● **Material provided**
::::::::

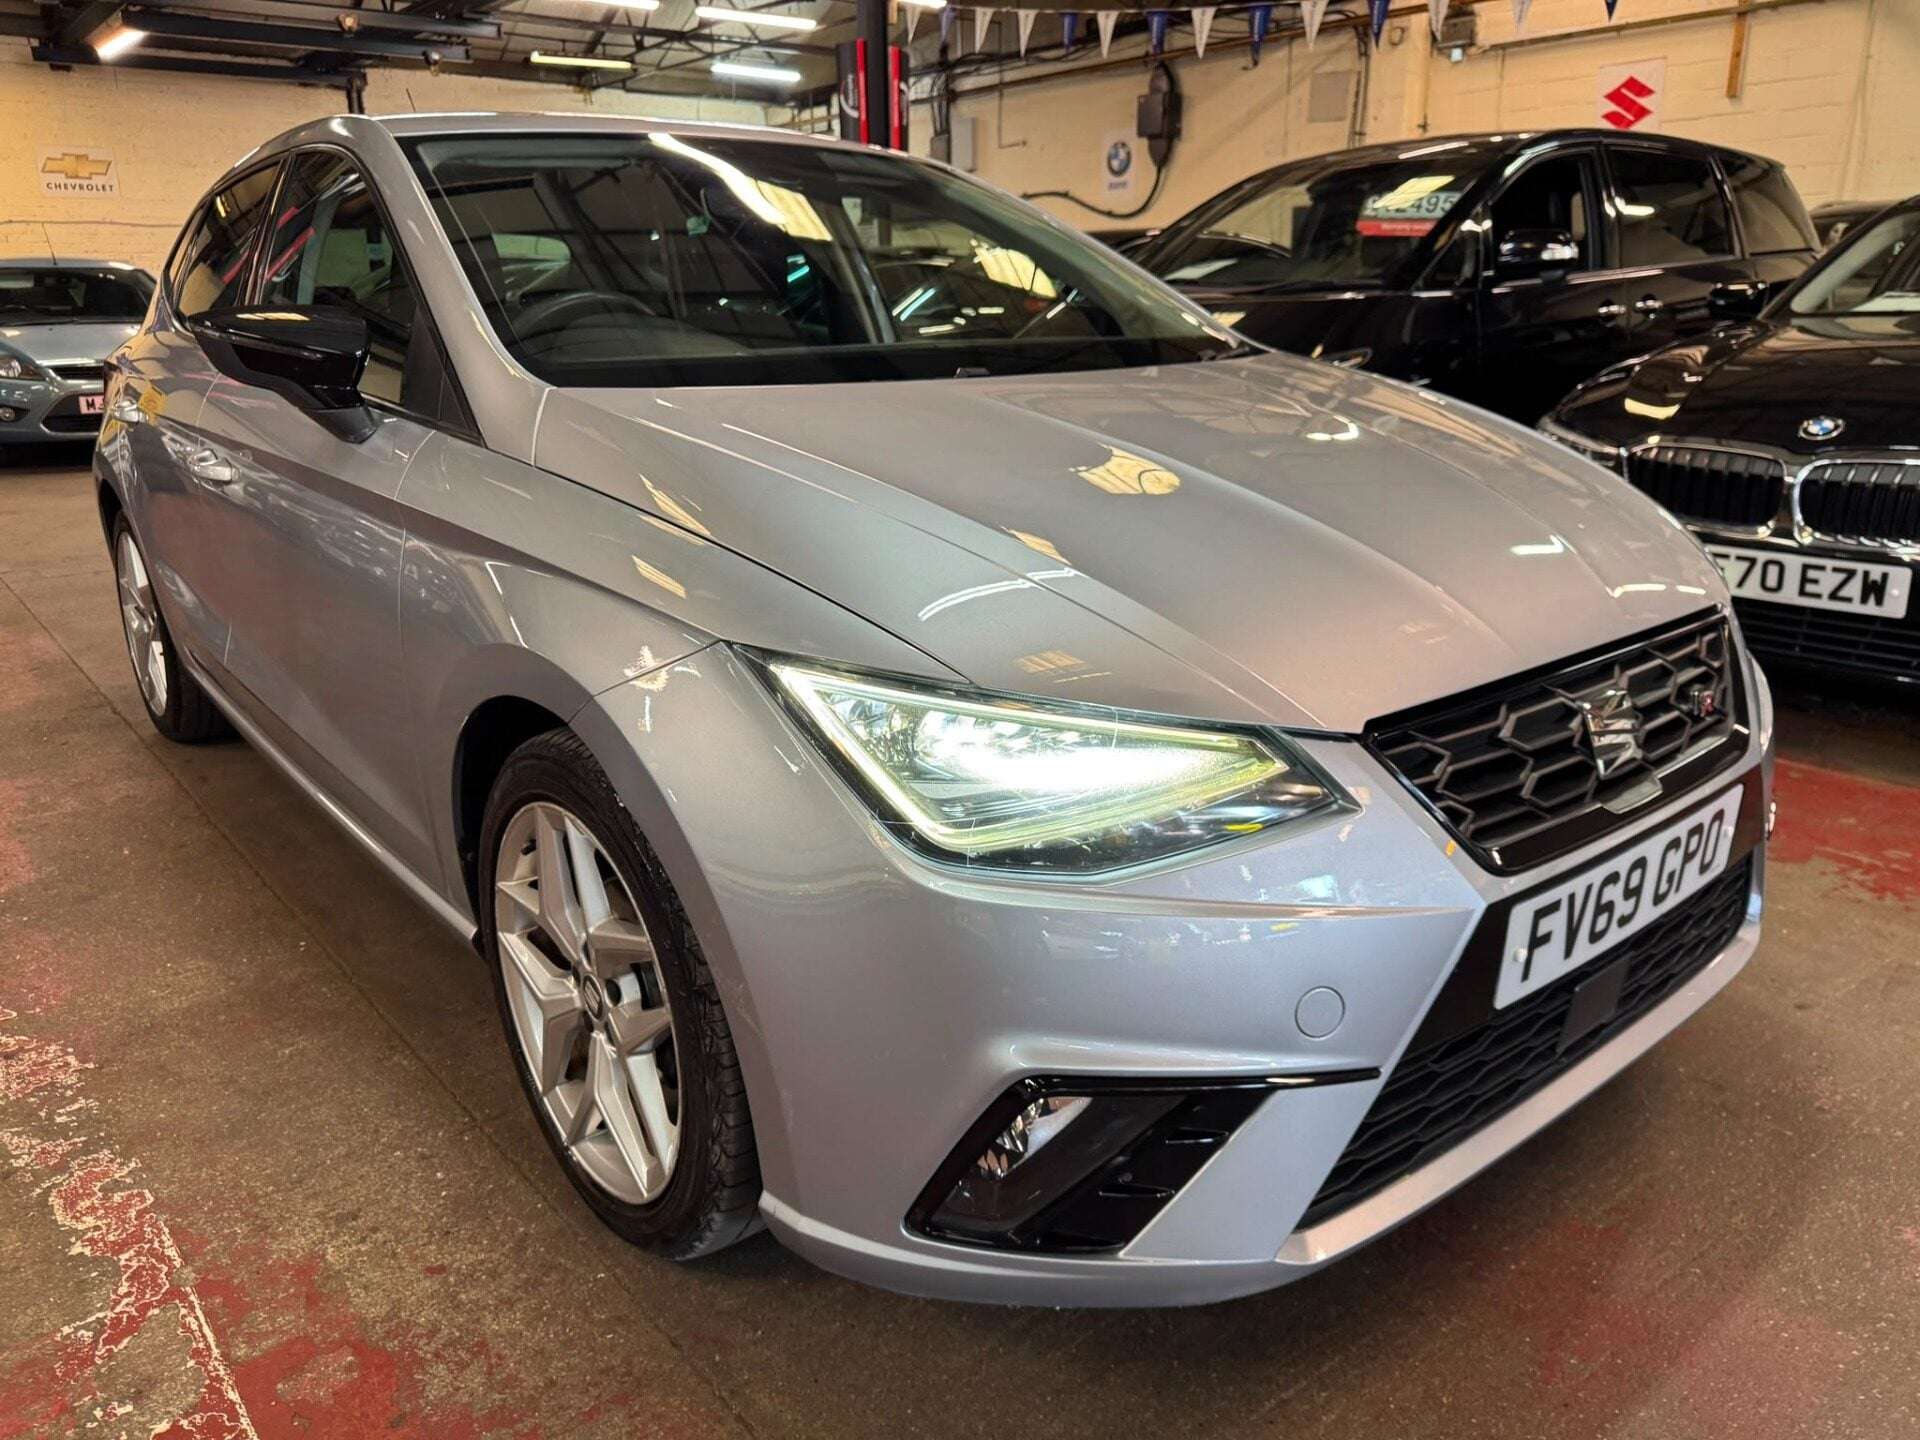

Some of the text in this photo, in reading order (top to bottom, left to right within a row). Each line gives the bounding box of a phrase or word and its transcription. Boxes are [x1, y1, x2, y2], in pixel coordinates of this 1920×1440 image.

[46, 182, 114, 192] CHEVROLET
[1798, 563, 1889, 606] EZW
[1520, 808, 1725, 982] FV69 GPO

::::::::

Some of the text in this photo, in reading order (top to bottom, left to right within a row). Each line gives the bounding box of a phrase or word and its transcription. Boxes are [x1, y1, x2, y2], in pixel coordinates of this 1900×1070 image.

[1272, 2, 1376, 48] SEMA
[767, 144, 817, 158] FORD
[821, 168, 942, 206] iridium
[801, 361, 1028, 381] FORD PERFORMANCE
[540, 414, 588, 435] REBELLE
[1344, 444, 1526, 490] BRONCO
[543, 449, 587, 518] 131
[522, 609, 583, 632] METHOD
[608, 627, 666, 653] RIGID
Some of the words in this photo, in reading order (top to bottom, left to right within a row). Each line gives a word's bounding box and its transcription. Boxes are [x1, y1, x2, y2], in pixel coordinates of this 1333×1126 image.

::::::::

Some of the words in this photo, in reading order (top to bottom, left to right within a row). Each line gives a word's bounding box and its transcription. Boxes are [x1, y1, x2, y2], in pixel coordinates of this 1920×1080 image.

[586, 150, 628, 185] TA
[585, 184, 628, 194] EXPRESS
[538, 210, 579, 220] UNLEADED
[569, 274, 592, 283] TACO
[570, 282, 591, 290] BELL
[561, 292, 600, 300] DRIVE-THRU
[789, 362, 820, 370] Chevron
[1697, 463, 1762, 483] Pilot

::::::::

All that should be written out is the stretch of lines above between the one holding "this 1900×1070 image." and the one holding "this 1333×1126 image.", inclusive, exactly as given.

Some of the text in this photo, in reading order (top to bottom, left to right within a row). Each line gives the bounding box of a phrase or word and its transcription. Boxes are [x1, y1, x2, y2], in pixel coordinates of this 1900×1070 image.

[1272, 2, 1376, 48] SEMA
[767, 144, 817, 158] FORD
[821, 168, 942, 206] iridium
[801, 361, 1028, 381] FORD PERFORMANCE
[540, 414, 588, 435] REBELLE
[1344, 444, 1526, 490] BRONCO
[543, 449, 587, 518] 131
[522, 609, 583, 632] METHOD
[608, 627, 666, 653] RIGID
Some of the words in this photo, in reading order (top to bottom, left to right within a row). Each line gives a word's bounding box and its transcription. Boxes are [x1, y1, x2, y2], in pixel coordinates of this 1333×1126 image.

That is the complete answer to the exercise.